Glacier National Park was quiet. The morning’s foggy silence weighed on a sleepy West Glacier, the winds were still, and gentle rivulets from the night’s rains ran across pavement into the soft soil. Inside the Artist-in-Residence home at park headquarters, Jill Haley bent over her keyboard and played a string of notes from “First Snow,” one of eight songs she’s written this month inspired by the sounds and experience of the park.
“It’s delicate, it falls, and it’s pretty,” she explained as she performed. “Very quiet. Peaceful.”
The Pennsylvania-based composer, who also plays the oboe and English horn, moved into the Artist-in-Residence house on Oct. 3, and has spent the last month exploring the park by day and composing original music by night. Since 1997, Glacier has welcomed professional artists every year to focus on their work in solitude, find new inspiration, and create art celebrating our natural national treasures.
This season, the park also hosted Suze Woolf, the Washingtonian “backcountry artist” who creates “burnscapes,” depictions of burned areas; Bryce Lafferty, the Alabama-based watercolorist who renders landscapes alongside underlying natural mechanisms; and Craig Barber, the photographer from upstate New York who uses tintype photography to capture nostalgic and ageless portraits of people who work with the land.

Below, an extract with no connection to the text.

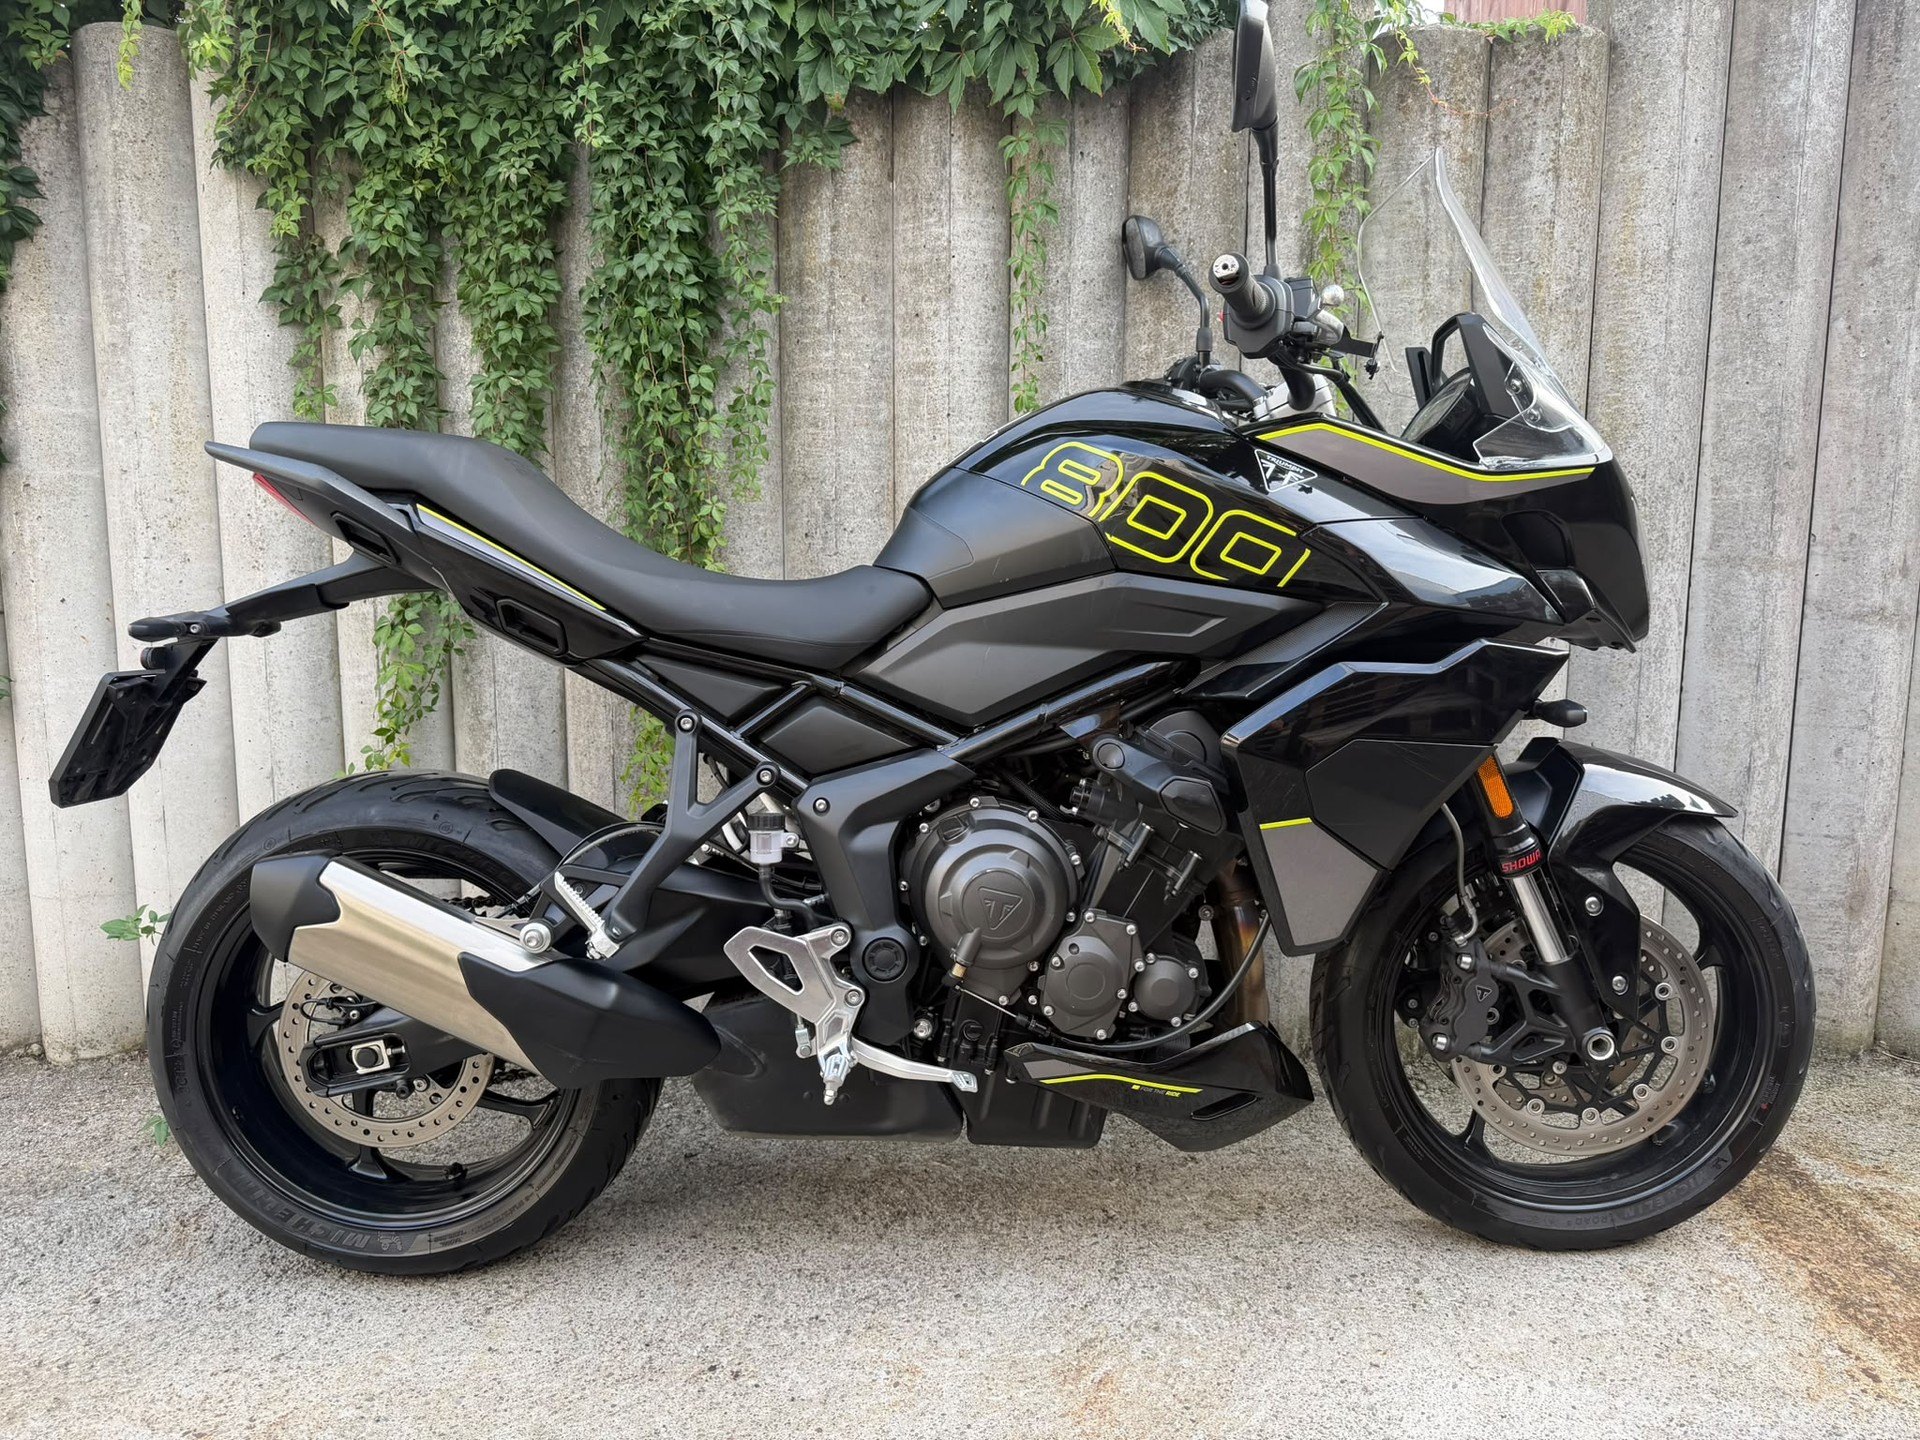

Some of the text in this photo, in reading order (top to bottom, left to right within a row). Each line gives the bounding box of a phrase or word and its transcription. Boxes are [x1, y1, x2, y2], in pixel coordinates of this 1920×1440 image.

Haley performed her new soundscapes on Oct. 24 at a Crown of the Continent Research Learning Center Brown Bag Luncheon Presentation, and soon she’ll return back east. But the sounds of the park will stay with her — they have ever since she first visited the park with her husband seven years ago on vacation.
“I wasn’t coming as an artist,” she said, “but, (I thought,) ‘Wow, this is really cool. I want to write some music about it.’”
At home 2,500 miles away, she began to write, capturing sounds that lingered. One song became two, and eventually, 12. In 2010, Haley released “Glacier Soundscapes,” her first solo project, a tribute featuring titles like “Stillness on Sinopah,” “Sunrift Gorge,” and “Turquoise Cirque.”
She has since composed award-winning music for Zion, Bryce Canyon, and Mesa Verde National Parks, and this year, she released “National Park Soundscapes,” a collection of music honoring the National Park Service’s centennial.
“For her to come full circle, come back to the place that created the original inspiration, we really like that,” said Jessica Kusky, volunteer program coordinator and a manager of the Artist-in-Residence program. “It’s a bit of a unique art form, not landscape painting.”
The original album “was great,” Haley said, “but a little removed. I don’t want to detract from it, but I truly feel this is more authentic … I also have grown as a composer in the genre.”
She said that in particular, she had looked forward to the Artist-in-Residence opportunity because it would allow her to experience the park with the purpose of creating music, and because she could begin composing immediately after a drive or hike, while the feelings, sights, and sounds were still fresh.
“I go out, come back home, (sit at the keyboard), and go, ‘Oh, that sounds right. It’s right in front of us,’” Haley said. “(At Two Medicine Lake,) the ripples on the stones were pretty, (and I asked myself,) ‘What would that sound like?”
That moment of contemplation resulted in “Ripples on Two Medicine Lake,” one of many songs engaging with water.
“The first week I spent hiking,” she said. “Within the first week, I had eight ideas … No surprise — a lot of pieces are about water: falling water, frozen water. Water is going to be a big part. But that’s okay.”
This was the rainiest October on record, according to the Hungry Horse Dam climate station, and the overcast weather inspired the songs “Rain on Huckleberry Mountain,” which Haley says depicts “the sound, the feel of the rain,” and “Apgar Range in Clouds,” which she described as “spacey.” “Up to Running Eagle Falls” has a faster pace, Haley said, with “vibrancy (to portray the) energy of the water.”
Haley also composed a piece featuring the historic Belton Bridge, which welcomed some of the region’s first settlers from the east. The song starts slow and heavy, to evoke the slow-going labor of moving west, and picks up when “they see it’s really beautiful,” she said, when “they find the joy and beauty.”
She has plans for four more songs, which will musically illustrate Lake McDonald’s Rocky Point, mountain rivers, glacial lakes, and the sun meeting the snow on the McDonald Creek Trail. She’ll compile the suite on a CD, which she hopes to sell at local shops inside Glacier and the Flathead Valley.
“I just hope that it’s an authentic representation of my experience in the park, drawing on all my senses,” she said. “I love doing it.”